12 The inextricable relation between bodies and information under biometrics was also captured by van der Ploeg (1999; 2003).
nonpoliticised, the politicised, and the securitised realms: “‘Security’ is the move that takes politics beyond the established rules of the game and frames the issue either as a special kind of politics or as above politics” (Buzan et al. 1998: 23, emphasis added).
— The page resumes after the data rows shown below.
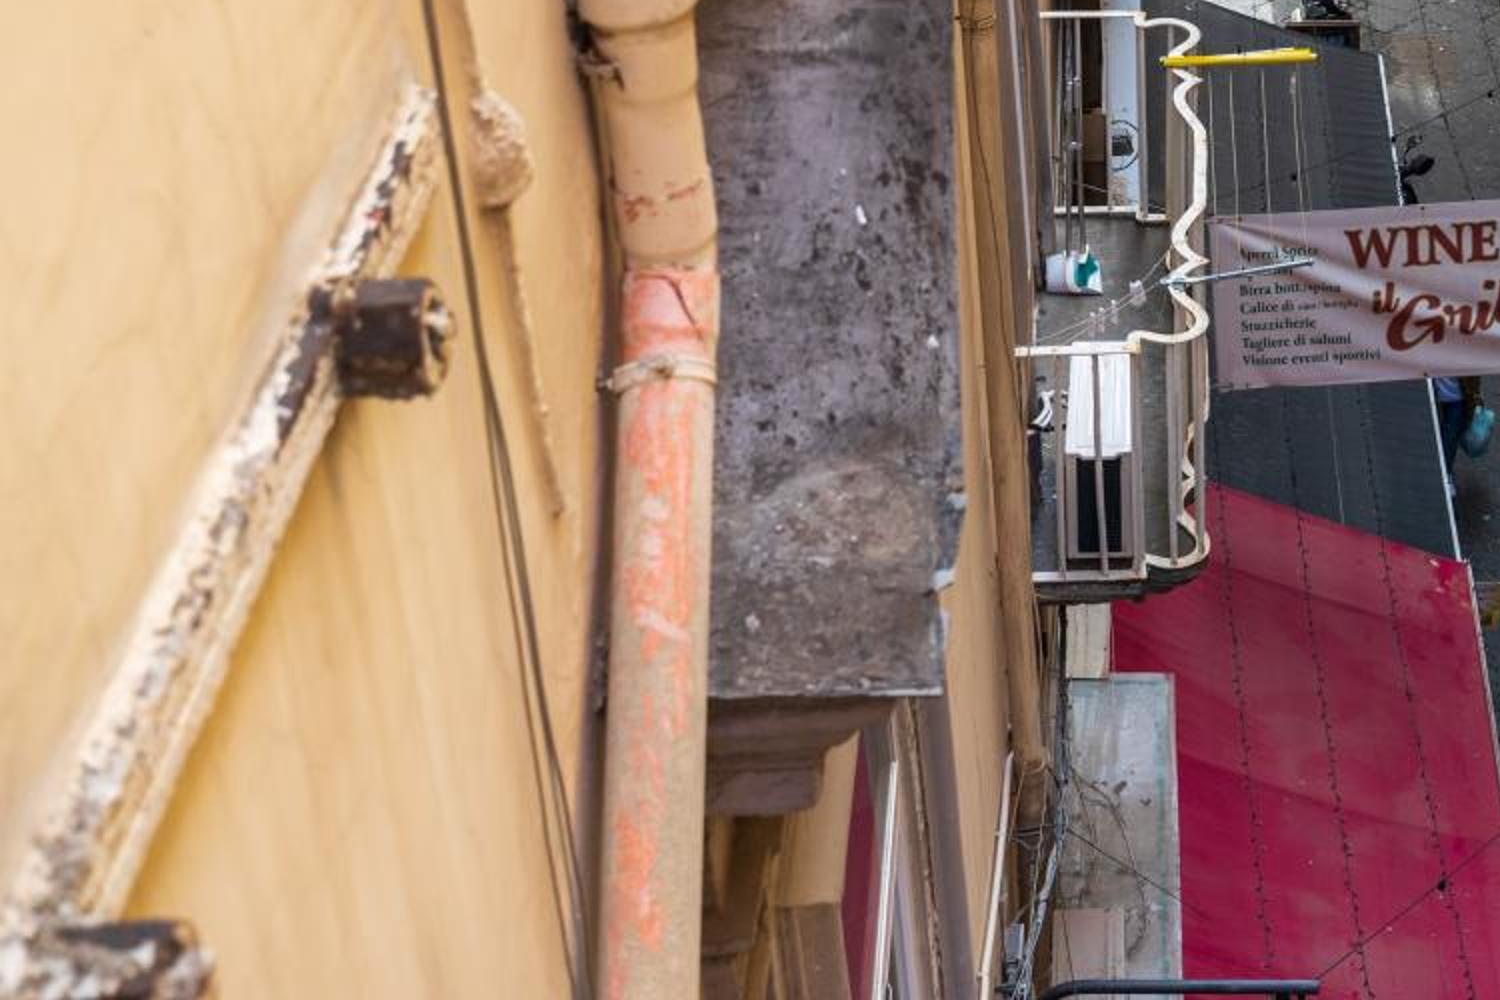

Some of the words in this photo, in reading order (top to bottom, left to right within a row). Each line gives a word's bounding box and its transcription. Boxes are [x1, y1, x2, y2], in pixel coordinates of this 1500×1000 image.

[1344, 220, 1500, 269] WINE
[1240, 283, 1272, 297] Birra
[1372, 281, 1400, 314] il
[1241, 300, 1279, 315] Calice
[1243, 335, 1292, 352] Tagliere
[1293, 333, 1307, 346] di
[1310, 331, 1352, 345] salumi
[1243, 352, 1289, 366] Visione
[1291, 350, 1329, 364] eventi
[1332, 346, 1381, 366] sportivi
In the framework of the securitisation theory of the Copenhagen School, therefore, everyday technological practices of identification themselves are not considered to be practices of securitisation – if not practices of politicisation at large (see Edkins 1999: 11) – but only exceptional claims that presents migration as an existential threat are taken into account. Consequently, technologies are understood simply as a means to develop the management of whatever is presented as a threat. Biometric technologies are thus understood as a means of managing and identifying illegal and/or risky immigrants. Contrary to this approach, Bigo argues that in the context of the management of uncertain dangers, or more generally the management of fear or unease, this technological relation of a-means-to-an-end needs to be reversed:
Securitization of immigration is the result and not the cause of the development of technologies of control and surveillance. It is linked to computerization, risk profiling, visa policy, the remote control of borders, the creation of international or nonterritorial zones in airports, and so on. (Bigo 2002: 73)
Under this inverse relation between security technologies and referent objects, therefore, biometrics are not just something to be developed, or indeed that has been developed, in order to manage threats that are discursively articulated. Rather, biometrics are now understood as something that makes the very securitisation of immigration possible.
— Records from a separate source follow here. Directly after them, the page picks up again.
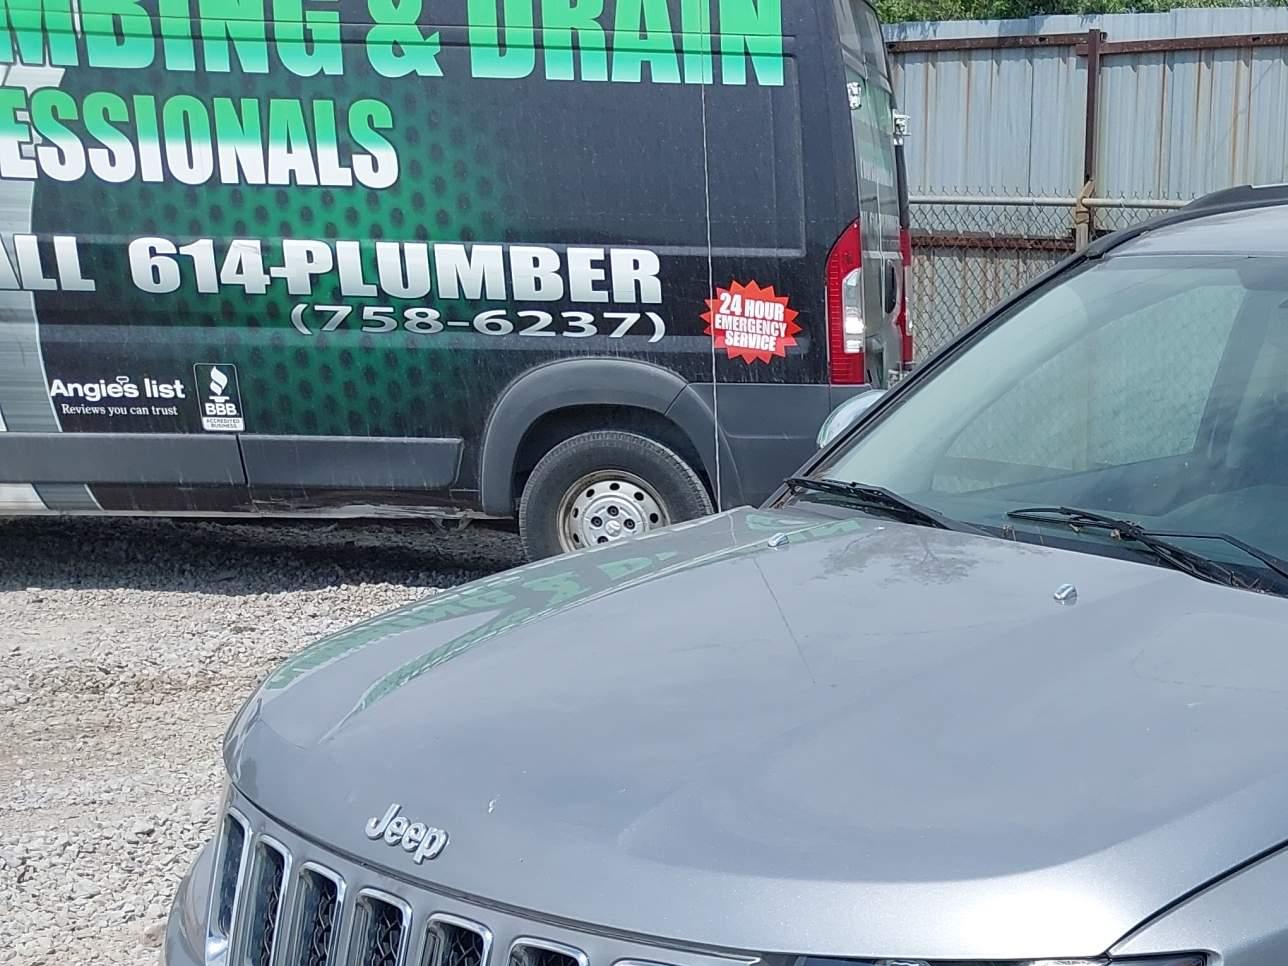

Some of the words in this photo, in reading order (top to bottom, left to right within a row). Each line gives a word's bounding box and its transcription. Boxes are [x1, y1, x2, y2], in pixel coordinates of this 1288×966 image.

[366, 0, 444, 78] &
[467, 0, 784, 86] DRAIN
[0, 87, 399, 189] ESSIONALS
[128, 237, 662, 304] 614-PLUMBER
[719, 292, 742, 316] 24
[744, 299, 785, 321] HOUR
[290, 304, 666, 343] (758-6237)
[714, 313, 787, 338] EMERGENCY
[724, 330, 777, 352] SERVICE
[144, 378, 186, 399] list
[61, 403, 106, 415] Reviews
[109, 406, 128, 417] you
[131, 406, 150, 416] can
[151, 405, 178, 416] trust
[204, 402, 238, 416] BBB
[365, 802, 450, 866] Jeep
From the points of van der Ploeg, Dillon and Bigo above, therefore, what matters is the technological production of knowledge of individuals. From these perspectives,
biometric identification can be understood as a combination of two forms of the seizure of power that Foucault theorised (see Introduction). Both disciplinary power and biopower are operational in multiple ways. For example, biometric identification does not only take place on literally individual bodies, at an anatomical level, but it also functions as a surveillant technology to control individual bodies such as immigrant bodies (see also Epstein 2007; Pugliese 2010: 7-10). At the same time, the disciplinary power of biometric knowledge is also correlative to a biopolitical configuration of a population and to a biopolitical incentive of fostering its security. As the authors above suggest, biometric identification for immigration control is not just a technology of verification and surveillance of bodies, but, perhaps more crucially, it enables drawing the boundaries at the level of population, demarcating between a risky population and a healthy population, under the biopolitics of security.